Taste perceptions play a role in culinary appreciation, he believes. At one time, Chinese spareribs almost had to glow in the dark for people to believe they were the recipe they liked, he recalled. And coleslaw and pickled beets had to be served with their Chinese food as did bread.

Changes in taste, and lots of urban renewal, spelled the demise of all those downtown spots. People were going to their suburban restaurants for dinner and takeout. Chin named Lee’s Café Terrace, run by five brothers, across from the airport where Legal Seafood stands now, as one of those places.

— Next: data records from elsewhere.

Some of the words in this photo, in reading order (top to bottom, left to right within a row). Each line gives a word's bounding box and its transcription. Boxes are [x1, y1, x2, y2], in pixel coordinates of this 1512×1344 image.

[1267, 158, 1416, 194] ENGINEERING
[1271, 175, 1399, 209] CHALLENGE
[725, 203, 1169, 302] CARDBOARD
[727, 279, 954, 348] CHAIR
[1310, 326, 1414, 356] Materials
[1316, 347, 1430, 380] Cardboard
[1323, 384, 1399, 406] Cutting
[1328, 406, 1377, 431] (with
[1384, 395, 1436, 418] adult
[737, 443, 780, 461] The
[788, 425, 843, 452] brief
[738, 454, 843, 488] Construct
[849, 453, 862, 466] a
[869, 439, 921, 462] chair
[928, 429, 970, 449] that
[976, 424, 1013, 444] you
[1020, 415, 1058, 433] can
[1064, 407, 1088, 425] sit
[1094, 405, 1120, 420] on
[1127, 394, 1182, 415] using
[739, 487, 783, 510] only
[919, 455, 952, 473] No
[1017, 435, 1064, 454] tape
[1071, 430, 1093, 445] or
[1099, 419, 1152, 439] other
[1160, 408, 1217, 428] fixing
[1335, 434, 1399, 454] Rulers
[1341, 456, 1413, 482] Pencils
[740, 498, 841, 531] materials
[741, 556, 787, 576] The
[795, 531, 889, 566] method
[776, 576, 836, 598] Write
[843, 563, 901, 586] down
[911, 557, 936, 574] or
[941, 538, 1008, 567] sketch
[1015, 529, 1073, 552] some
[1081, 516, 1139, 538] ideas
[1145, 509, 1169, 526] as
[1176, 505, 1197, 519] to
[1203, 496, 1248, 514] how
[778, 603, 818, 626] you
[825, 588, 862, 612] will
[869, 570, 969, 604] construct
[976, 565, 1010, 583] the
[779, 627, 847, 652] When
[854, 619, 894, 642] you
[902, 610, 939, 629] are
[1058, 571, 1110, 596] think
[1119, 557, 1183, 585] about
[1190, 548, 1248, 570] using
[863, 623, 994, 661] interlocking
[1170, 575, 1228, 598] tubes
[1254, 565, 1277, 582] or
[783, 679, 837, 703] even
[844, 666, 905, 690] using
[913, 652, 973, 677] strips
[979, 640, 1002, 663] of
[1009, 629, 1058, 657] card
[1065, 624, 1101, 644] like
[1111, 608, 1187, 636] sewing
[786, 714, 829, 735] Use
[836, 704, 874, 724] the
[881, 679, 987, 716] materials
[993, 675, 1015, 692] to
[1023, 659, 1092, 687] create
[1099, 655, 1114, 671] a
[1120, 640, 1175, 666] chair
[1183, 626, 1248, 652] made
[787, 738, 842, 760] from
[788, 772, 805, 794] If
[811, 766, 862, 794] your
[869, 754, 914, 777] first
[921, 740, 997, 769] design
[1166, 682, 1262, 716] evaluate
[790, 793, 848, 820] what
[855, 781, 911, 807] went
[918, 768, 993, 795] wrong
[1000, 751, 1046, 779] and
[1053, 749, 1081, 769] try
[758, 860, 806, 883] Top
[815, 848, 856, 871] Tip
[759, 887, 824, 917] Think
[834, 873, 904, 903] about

Before the ’70s, all the early chefs came from Canton and brought their fried rice and blended meat dishes. Chow mein came from Canton, as did many of the early Chinese immigrants in the 19th century, said Eng-Wong. They also introduced chop suey which was more of a mélange of ingredients, much like an Italian antipasto, he said. The dishes were an adaptation using ingredients they would find here.

Chinese food was written about as far back as 1860 with “Americans saying how tasty it is and it established a hold with its flavor,” Eng-Wong said. Woolworth’s even served chow mein at their lunch counters.

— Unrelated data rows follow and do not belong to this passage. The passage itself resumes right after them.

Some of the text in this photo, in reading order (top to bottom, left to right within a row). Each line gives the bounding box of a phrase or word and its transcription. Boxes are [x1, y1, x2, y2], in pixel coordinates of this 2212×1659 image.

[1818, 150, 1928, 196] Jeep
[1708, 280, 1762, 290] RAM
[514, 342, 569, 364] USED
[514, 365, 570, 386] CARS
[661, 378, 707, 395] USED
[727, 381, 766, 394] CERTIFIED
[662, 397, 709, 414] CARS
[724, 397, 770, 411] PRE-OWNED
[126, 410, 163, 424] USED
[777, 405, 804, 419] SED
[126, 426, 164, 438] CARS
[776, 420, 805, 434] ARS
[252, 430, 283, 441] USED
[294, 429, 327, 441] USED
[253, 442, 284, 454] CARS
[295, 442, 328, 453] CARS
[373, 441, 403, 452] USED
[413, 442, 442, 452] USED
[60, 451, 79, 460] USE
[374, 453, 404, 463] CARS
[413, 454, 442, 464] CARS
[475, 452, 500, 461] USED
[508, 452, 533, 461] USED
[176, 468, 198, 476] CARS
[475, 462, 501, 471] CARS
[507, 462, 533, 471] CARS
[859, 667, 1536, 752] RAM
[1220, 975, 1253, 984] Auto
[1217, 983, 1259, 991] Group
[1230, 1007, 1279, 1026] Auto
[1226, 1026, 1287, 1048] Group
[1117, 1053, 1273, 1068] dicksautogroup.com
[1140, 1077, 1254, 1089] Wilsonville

Only later did the spicier Szechuan-Hunan change the landscape of what was thought of as Chinese food, Chin said.

Eng-Wong named Louis Yip, the former longtime proprietor of the China Inn in Pawtucket, as the man who revolutionized Chinese cuisine during that era. Yip introduced things like dumplings and scallion pancakes to Rhode Island, he said.

“That style of cooking was not here in the U.S. for more than five or six years when he brought it here,” he said, adding that Joyce Chen was among those who introduced them to Boston.

Through all the evolution, diner’s appreciation of Chinese food is very provincial with tastes varying from region to region, said Chin. “Because you were restricted to use what is locally available, ingredients and flavors could differ greatly.”

Eng-Wong agreed and said “Chinese food in Cuba is different than Chinese food in America.”